A actuação da CCDR LVT teve “origem em elementos transmitidos por entidades com competência própria, no contexto de um inquérito em curso, e integra a colaboração com a entidade competente para a investigação criminal. As diligências visam apurar a eventual existência de actividades susceptíveis de se enquadrarem no âmbito das atribuições desta Comissão em matéria de ambiente e gestão de resíduos, de forma tecnicamente fundamentada e juridicamente sustentada”, refere um comunicado de imprensa daquela Comissão.
No decurso das acções de fiscalização realizadas, apurou-se que “a instalação em causa não possui qualquer licença de gestão de resíduos emitida por esta CCDR, nem se encontra registado qualquer pedido de licenciamento pendente nesta entidade”. A Composet dedica-se à compostagem agrícola, armazenando resíduos de folhas de oliveira, biomassa, relva e chorume, todos de origem agrícola.
Relembre-se que cerca de 150 moradores das freguesias de São Sebastião e Gâmbia-Pontes-Alto da Guerra, no concelho de Setúbal, decidiram avançar com uma acção popular a exigir o encerramento preventivo das instalações da Composet na zona de Poçoilos, preocupados com as consequências da actividade da empresa para o ambiente e para a saúde pública.
Aprovaram também uma moção de “repúdio e protesto pela descarga irregular de resíduos na zona de Poçoilos” e “manifestaram estranheza pela demora na tomada de medidas” pela CCDR LVT, IGAMAOT — Inspecção-geral da Agricultura, do Mar, do Ambiente e do Ordenamento do Território e APA — Agência Portuguesa do Ambiente.
Segundo o mesmo comunicado, as acções de fiscalização ao local foram realizadas pela CCDR LVT, com a participação da Guarda Nacional Republicana (GNR) – Núcleo de Investigação de Crimes e Contra-ordenações Ambientais (NICCOA) de Setúbal — e a colaboração da IGAMAOT, “tendo sido detectadas situações que poderão configurar potenciais infracções ambientais, como a presença de resíduos líquidos e pastosos não claramente identificados e sinais de escorrência para o solo. Foram recolhidas amostras para análise pericial, actualmente em curso, não se encontrando nesta fase confirmada qualquer infracção legal.

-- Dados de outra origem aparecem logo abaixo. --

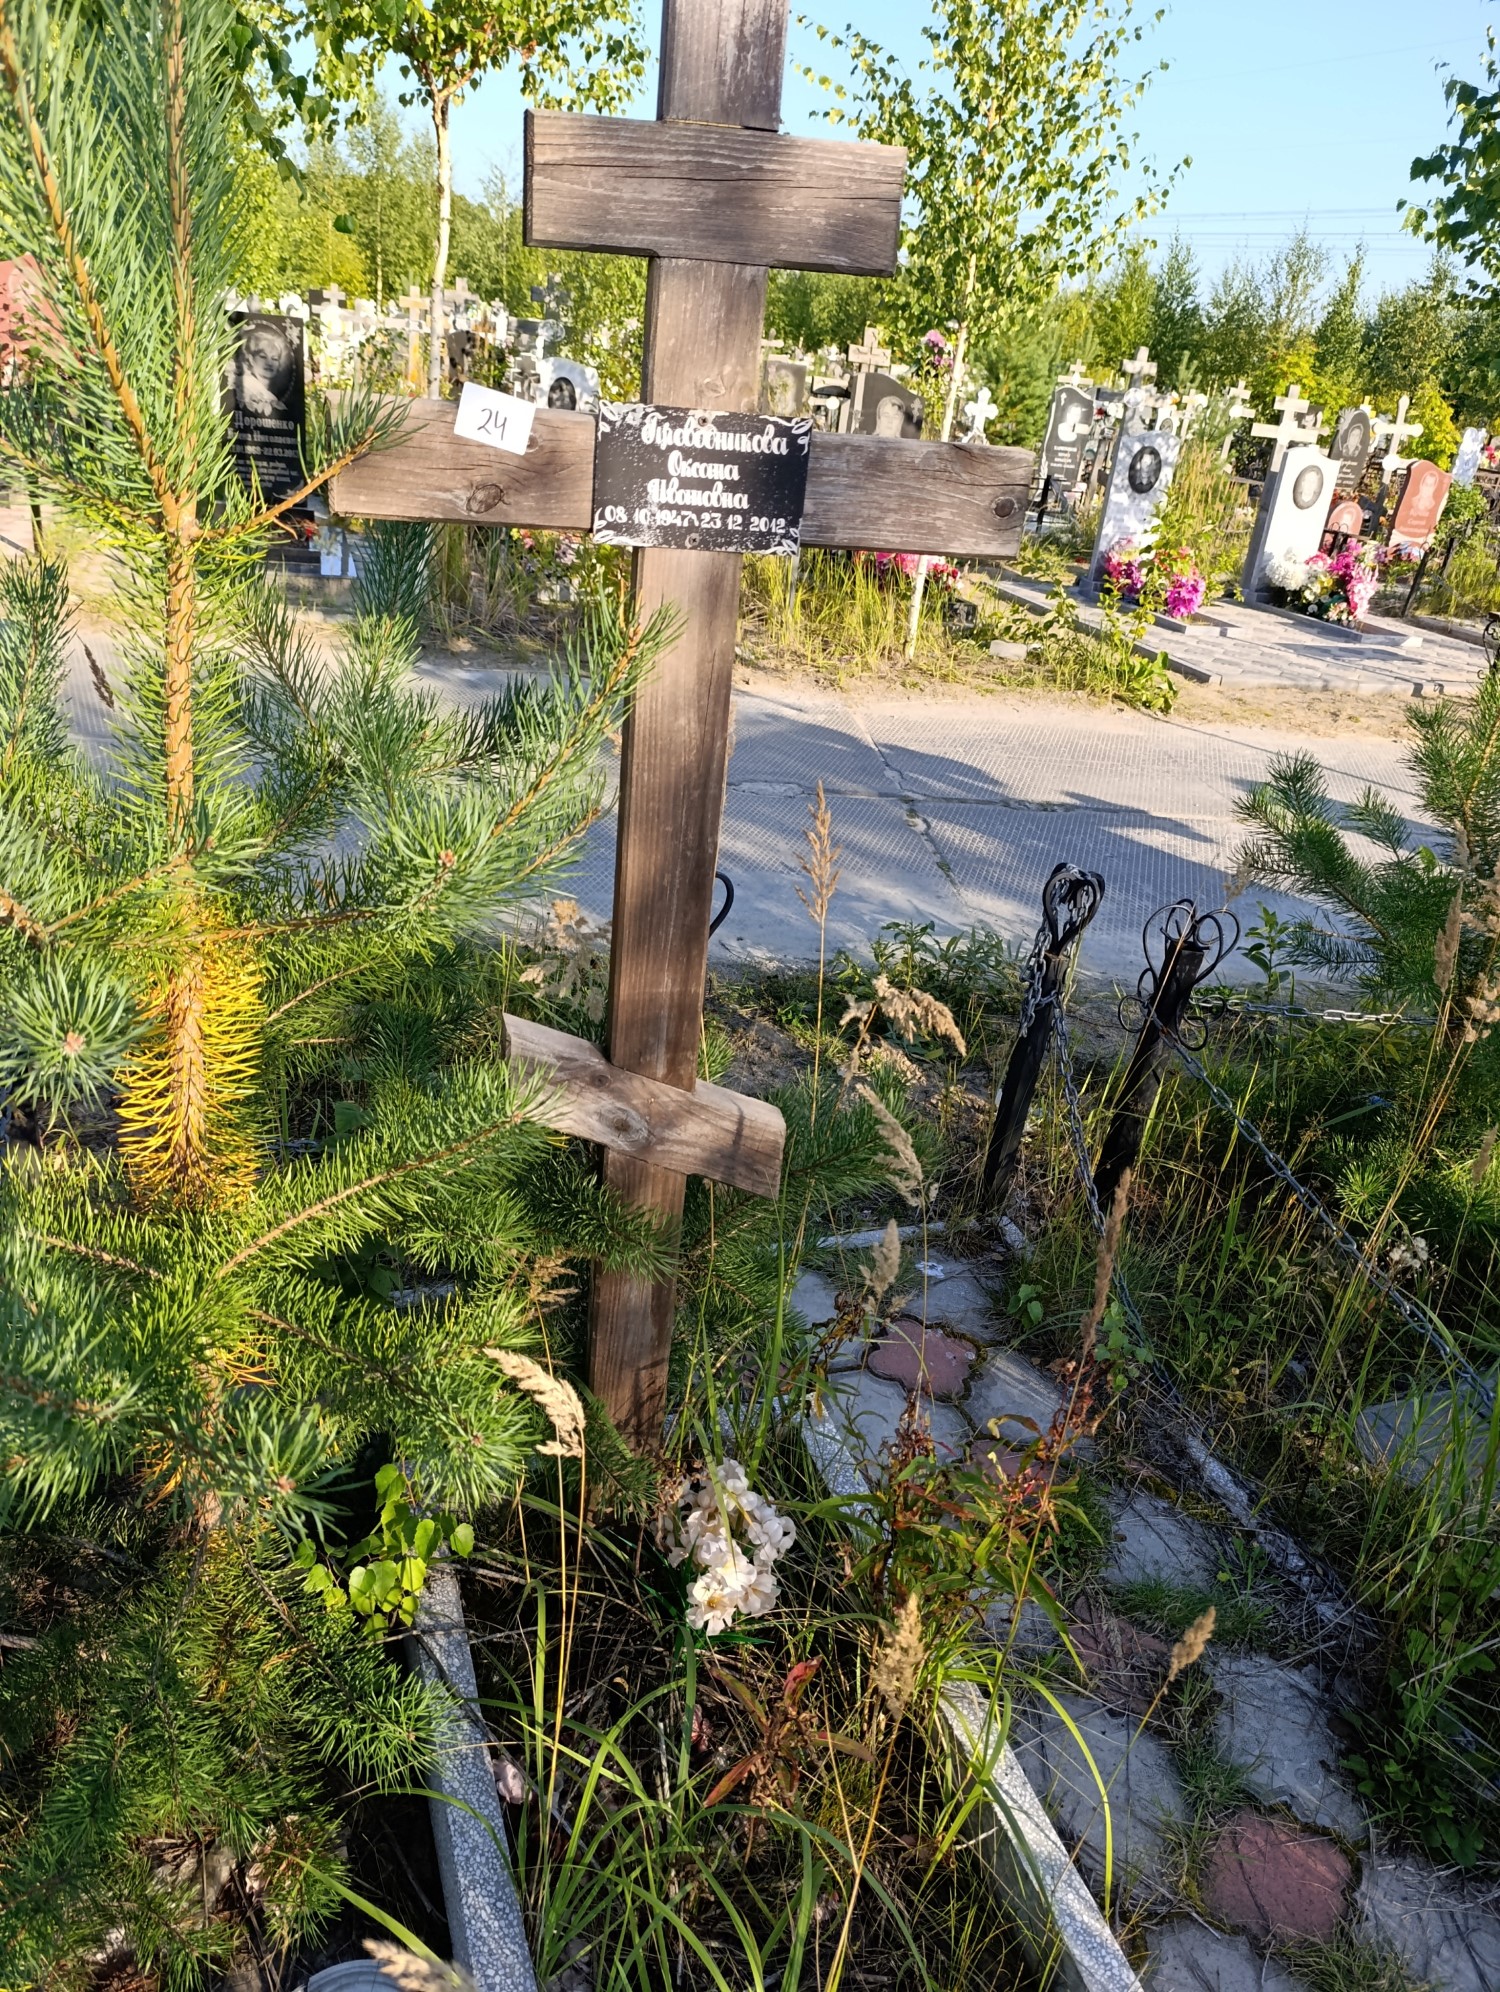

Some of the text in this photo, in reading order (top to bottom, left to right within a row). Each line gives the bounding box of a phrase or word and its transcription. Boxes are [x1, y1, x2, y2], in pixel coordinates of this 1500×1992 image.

A CCDR LVT está igualmente a avaliar a natureza concreta da actividade exercida no local e a determinar se a mesma se insere no seu âmbito de intervenção legal, “mantendo o princípio da separação de competências” e actuando em estreita cooperação com as seguintes entidades: Câmara Municipal de Setúbal, no que respeita ao licenciamento urbanístico das edificações que suportam a actividade desenvolvida; Agência Portuguesa do Ambiente, com competência sobre a gestão de águas residuais, superficiais, subterrâneas, ApR (Água para Reutilização) e captação de água para abastecimento público; Guarda Nacional Republicana, com intervenção em matéria de vigilância ambiental, escorrências e investigação criminal de ilícitos ambientais; e IGAMAOT, enquanto entidade inspectiva nacional com competências técnicas e de fiscalização ambiental (para colaboração técnica na realização das colheitas de amostras de solo).

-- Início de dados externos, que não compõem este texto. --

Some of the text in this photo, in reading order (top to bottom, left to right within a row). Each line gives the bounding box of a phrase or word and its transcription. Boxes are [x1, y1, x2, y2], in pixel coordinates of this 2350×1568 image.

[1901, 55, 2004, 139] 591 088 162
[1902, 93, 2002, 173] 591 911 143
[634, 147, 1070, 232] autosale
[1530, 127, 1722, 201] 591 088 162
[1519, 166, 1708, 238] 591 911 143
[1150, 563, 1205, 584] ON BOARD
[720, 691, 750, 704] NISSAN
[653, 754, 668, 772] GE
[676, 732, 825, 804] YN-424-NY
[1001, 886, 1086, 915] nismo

A empresa foi já notificada pela CCDR LVT para apresentar documentação essencial à avaliação da sua actividade. Após o envio parcial dos elementos solicitados, foi novamente notificada para suprir omissões, sob cominação de processo de contra-ordenação nos termos da legislação ambiental. No dia de ontem, 15 de Junho, foram recepcionados documentos adicionais, actualmente em análise pelos serviços técnicos da CCDR LVT, adianta o mesmo comunicado.
Por outro lado, a CCDR LVT convocou, “com carácter de urgência e face aos novos dados obtidos, uma reunião para o dia de amanhã (17 de Junho) com todas as entidades envolvidas no processo, com o objectivo de analisar em conjunto a informação disponível, avaliar os passos subsequentes à luz das respectivas competências legais e assegurar uma actuação coordenada que responda às preocupações manifestadas pelos cidadãos”.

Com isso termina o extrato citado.